I keep seeing on social media there are going to be lots of babies and lots of divorces by the time this is all over. I have noticed some strain on my own marriage. Do you have advice on how to maintain a healthy relationship?
Most of us find it challenging to be around the same people 24/7 for long periods of time. It makes perfect sense that we start to get on each other’s nerves. Minor annoyances become exaggerated and can be blown out of proportion. We overlooked these little quirks prior to this “stay at home” period. Now we just want them to shut the heck up!
Seriously though, I’ve watched several experts on television talking about the ways to maintain relationships through this pandemic. Some suggest we’re not really listening to our partners. We need to recognize their struggles and become more empathic. Others suggest meditation and mindfulness. All valid points.
From my perspective, nothing helps maintain a relationship more than a little space. Space to breathe, to think, to take a minute for yourself. My husband and I usually share space well together. We take long road trips.
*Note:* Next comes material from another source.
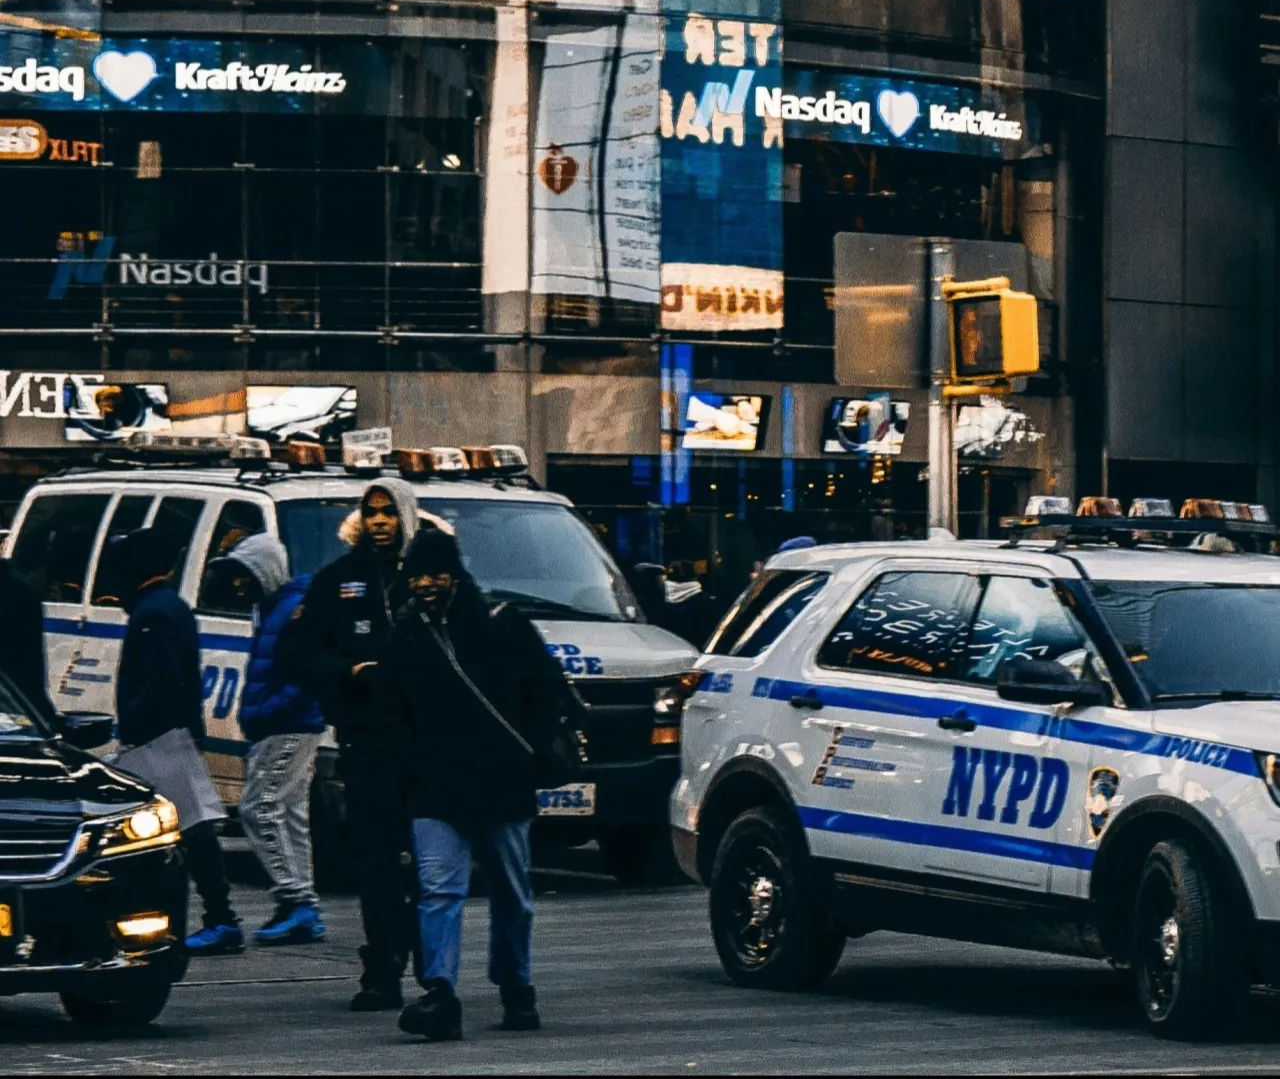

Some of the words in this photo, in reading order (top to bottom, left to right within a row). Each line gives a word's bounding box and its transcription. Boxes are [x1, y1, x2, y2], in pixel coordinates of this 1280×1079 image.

Hours and days in the car. We enjoy each other’s company. But when we make that pit stop, we tend to go in separate directions. You find out quickly that you probably enjoy your partner’s company much more than the rest of the general population. Those few minutes away from each other allow us to breathe and appreciate what we have together. Most of us are social creatures. It’s that exposure to the rest of the world that lets us appreciate our partners.
My advice is to find some space. Walk around the neighborhood. Sit on the front porch. Wash the car. It might be in the bathroom of some shabby gas station. Just take a minute to breathe. When you return to each other’s company, you’ll be glad you have each other.